→ Source information
*** Begin section ***

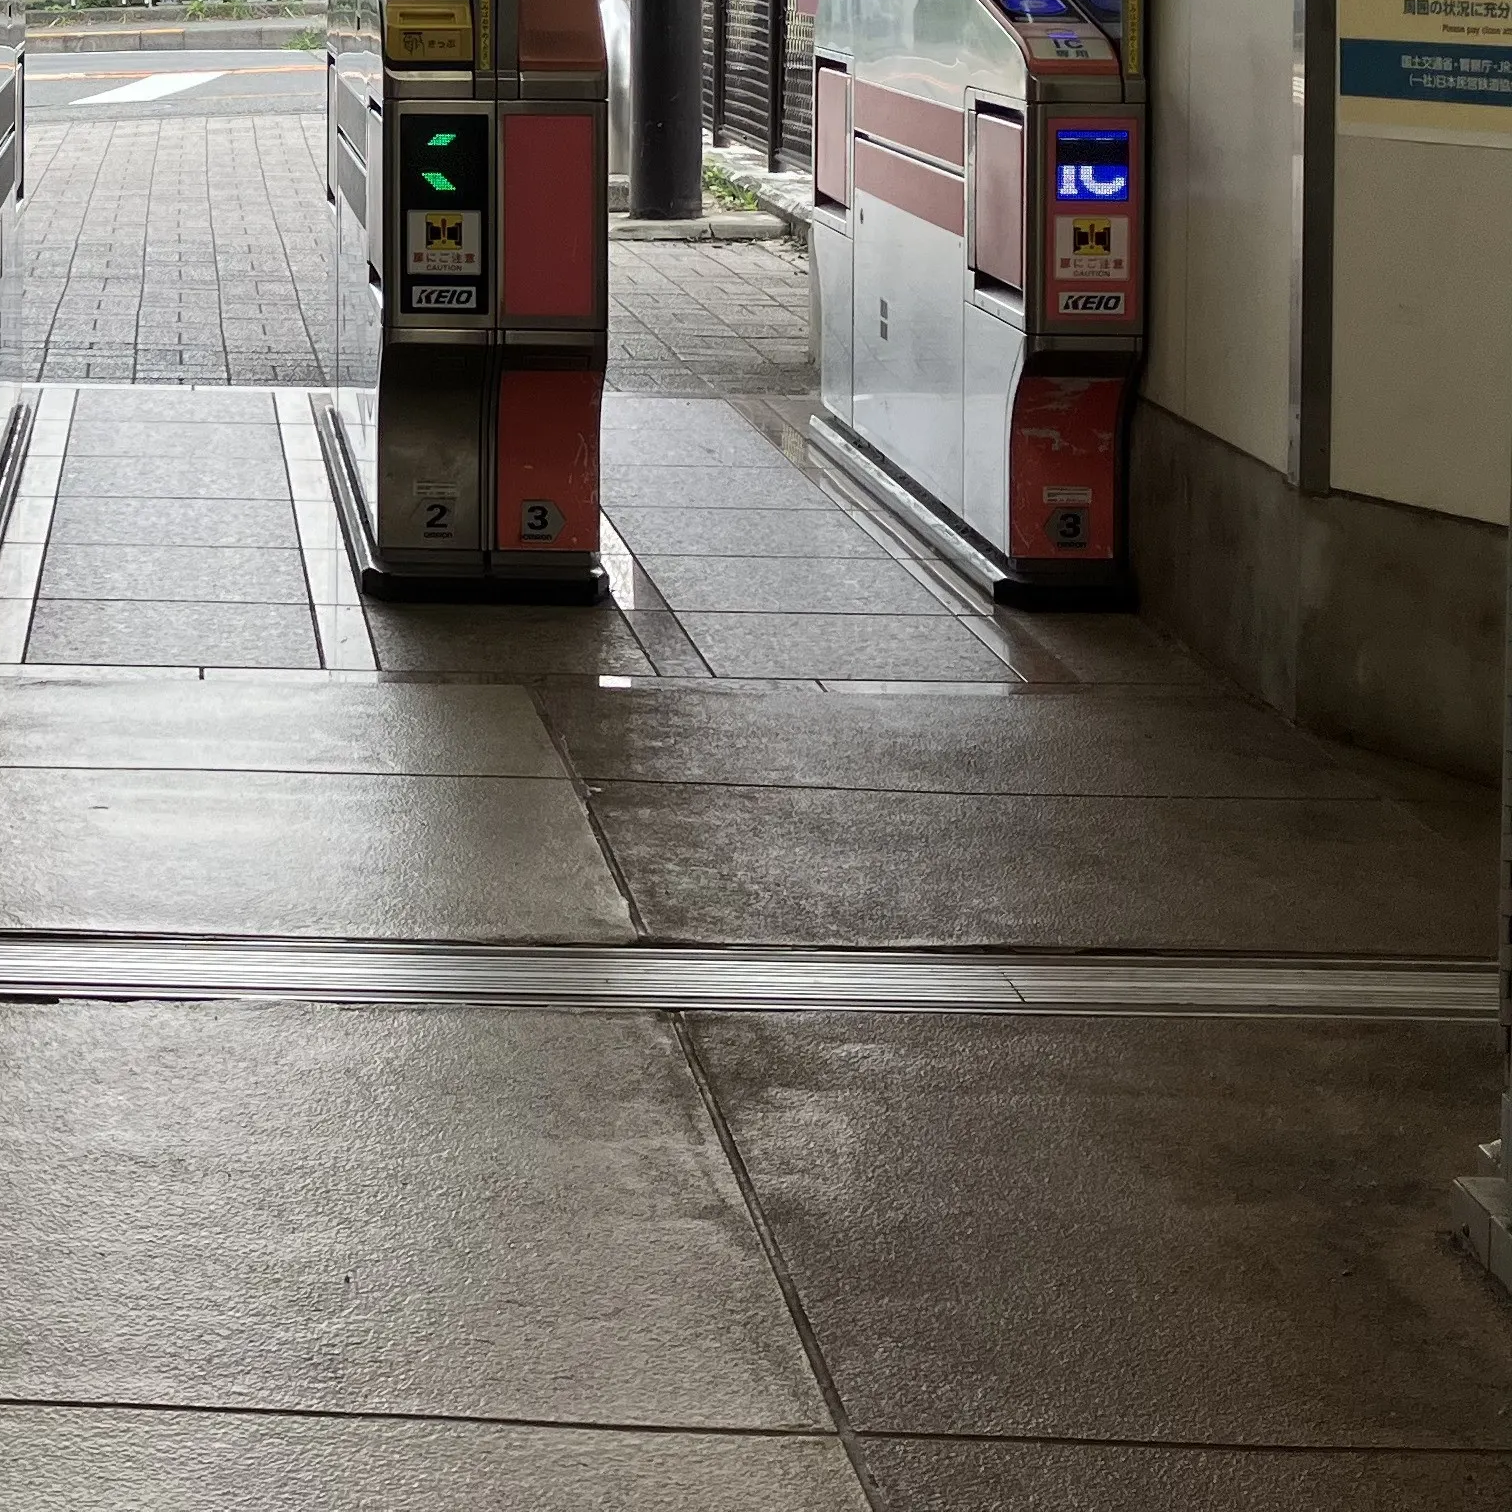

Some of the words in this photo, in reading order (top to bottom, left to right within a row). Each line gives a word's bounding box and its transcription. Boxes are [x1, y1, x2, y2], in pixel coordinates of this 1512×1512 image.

[426, 264, 463, 272] CAUTION
[416, 289, 473, 305] KEIO
[1063, 295, 1121, 310] KEIO
[426, 504, 448, 529] 2
[527, 505, 549, 530] 3
[1059, 513, 1081, 538] 3

*** End section ***

→ Required action
Output every entry exactly, leaving out pictures.

→ Result below
Some of the words in this photo, in reading order (top to bottom, left to right within a row). Each line gives a word's bounding box and its transcription. Boxes are [x1, y1, x2, y2], in pixel coordinates of this 1512×1512 image.

[426, 264, 463, 272] CAUTION
[416, 289, 473, 305] KEIO
[1063, 295, 1121, 310] KEIO
[426, 504, 448, 529] 2
[527, 505, 549, 530] 3
[1059, 513, 1081, 538] 3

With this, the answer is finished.